The gravity of the Volod’s words hung over us as we walked back to my rooms.

“So, what d’ya think?” Suri asked, as I unlocked the door. “About becoming landed gentry together?”

“The heart says yes. The brain says ‘woah dude, what the hell are you thinking?’” I shook my head and held the door for her. Suri strode in, while I hung my pack and weapon by the door. “Mind you, I figured we were going to be offered something like this. The Unto Death quest mentions ‘Build Points’. I’m guessing we invest those into a castle or land, or something.”

“What’s got your knickers in a twist?”

“This boy doesn’t wear knickers. Commando all the way.”

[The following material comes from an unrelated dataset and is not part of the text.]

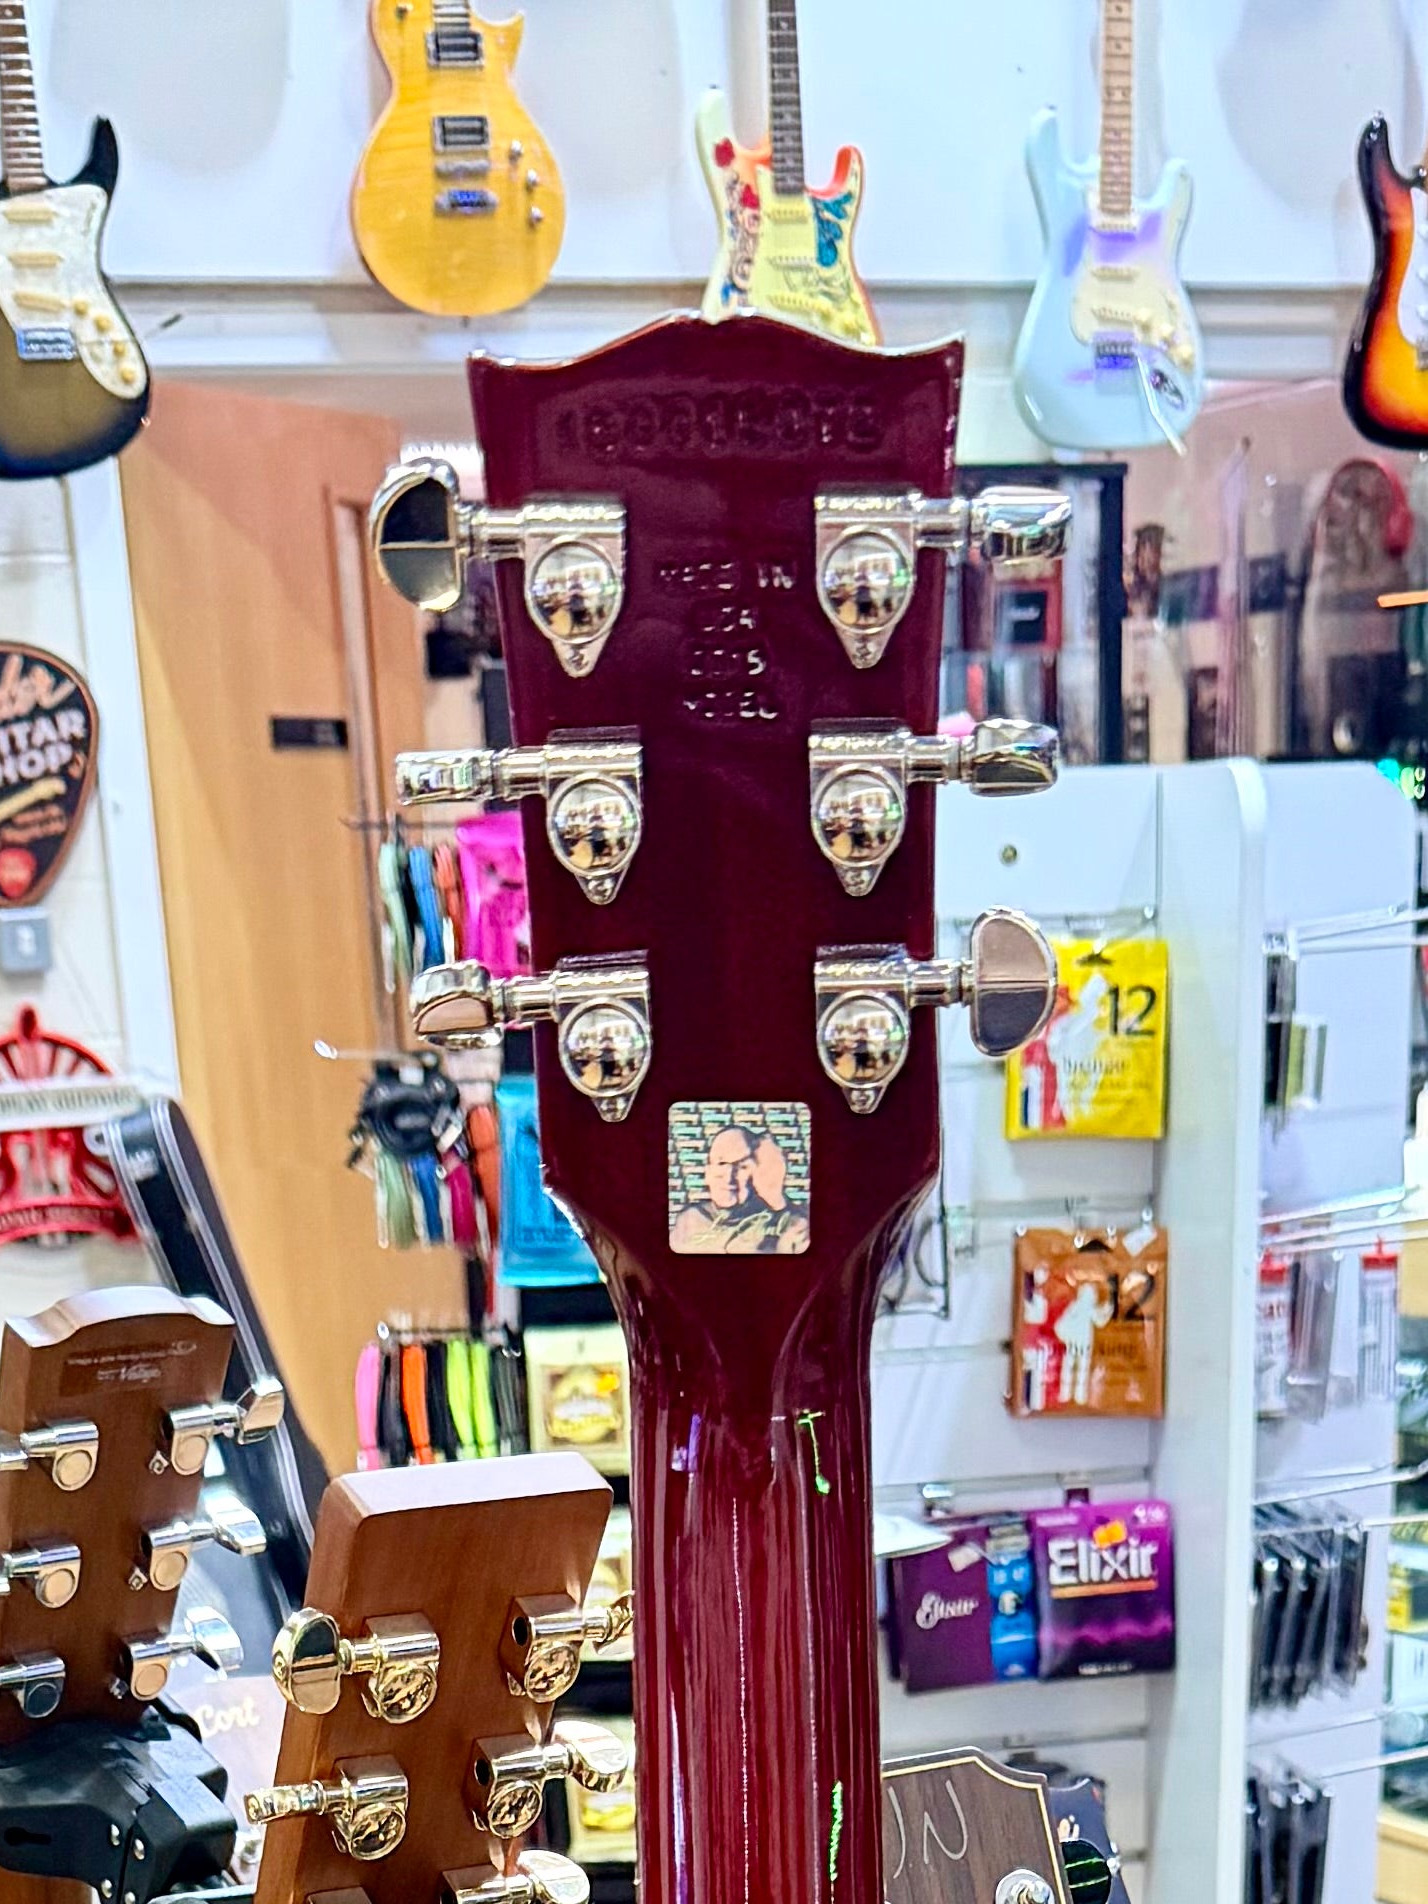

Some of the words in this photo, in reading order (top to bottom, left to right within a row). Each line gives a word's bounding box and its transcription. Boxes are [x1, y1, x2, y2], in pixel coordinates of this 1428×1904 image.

“Stop being a shit and answer the bloody question.” She sat on the edge of the bed as I kicked my boots off and unequipped my armor.

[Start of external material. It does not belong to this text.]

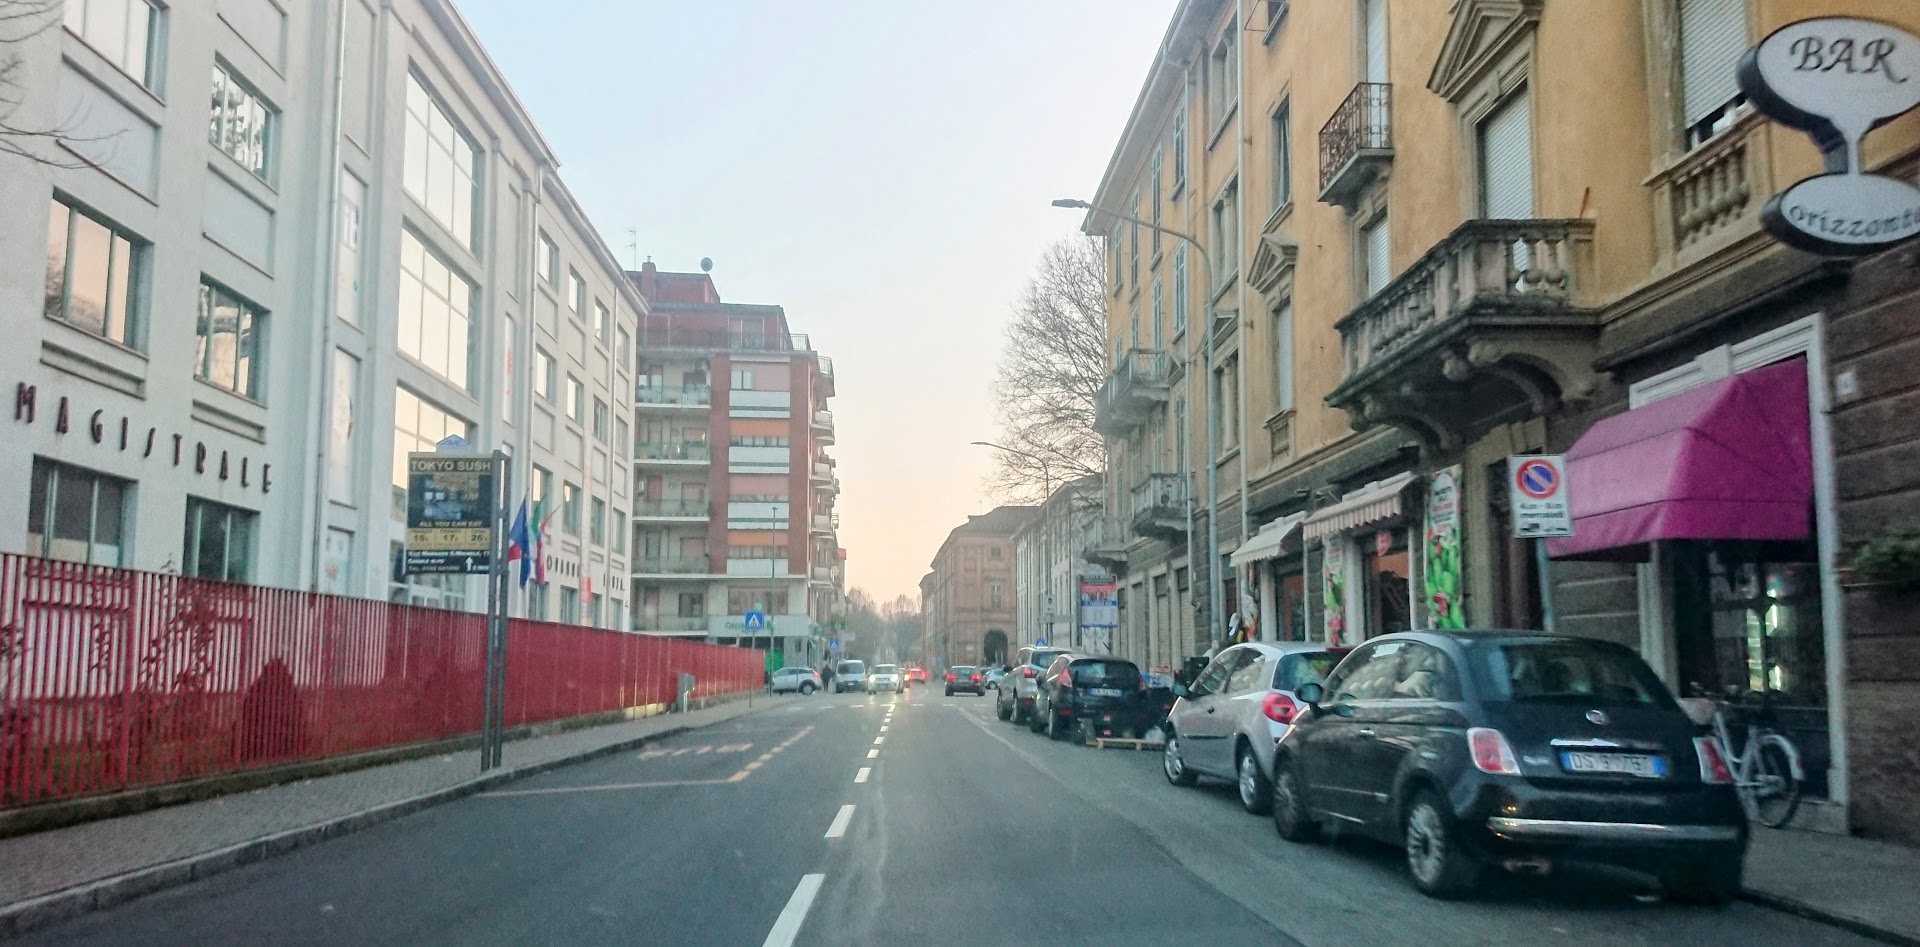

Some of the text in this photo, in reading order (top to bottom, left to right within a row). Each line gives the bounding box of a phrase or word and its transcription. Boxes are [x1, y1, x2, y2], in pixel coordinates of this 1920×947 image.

I turned to face her. Suri really was gorgeous, the kind of beauty that only existed in fantasy. I sometimes found myself wondering what she’d looked like IRL. Had she been Chinese, one of the settlers who’d colonized Australia after the First Total War? Or had she looked like how she did now? She could even have been one of those Pacific Alliance supersoldiers, the Nephilim. I’d fought only one of those during my time as a conscript. It had been the most terrifying ten seconds of my life.

“Come on, then. Spit it out.” She crossed her legs. The dress slid over her dark skin in interesting ways, and I felt my pulse jump.

“Well… We’ve only known each other for a couple of weeks,” I said haltingly. “And we’re looking at taking on a lot of responsibility together. I’m not afraid of commitment, but...”

“Yeah you are,” she replied.

Welp, she called it. I winced. “Okay, yes. I’m afraid. I mean, even just the responsibility of owning a house, let alone a whole castleDo you know how few people my age even rent their own apartments now? I couch surfed my whole life.”

She shrugged. “I’m afraid, too. But there’s a difference between you and me when it comes to taking on a landed title. If I die, even once, I end up back in Al-Asad. What if those Architects are back? Trapped in a prison, with nothing to do except torture the other inmates? If I respawn in that fuckin’ place, I’ll go nuts within a week.”

“Then you should stay here,” I said. “The game system doesn’t know that you can’t set a respawn point, and we’ve been given a quest where we can expect to die at least once. Probably more than once. I’ll go and you can join us when we retake the castle.”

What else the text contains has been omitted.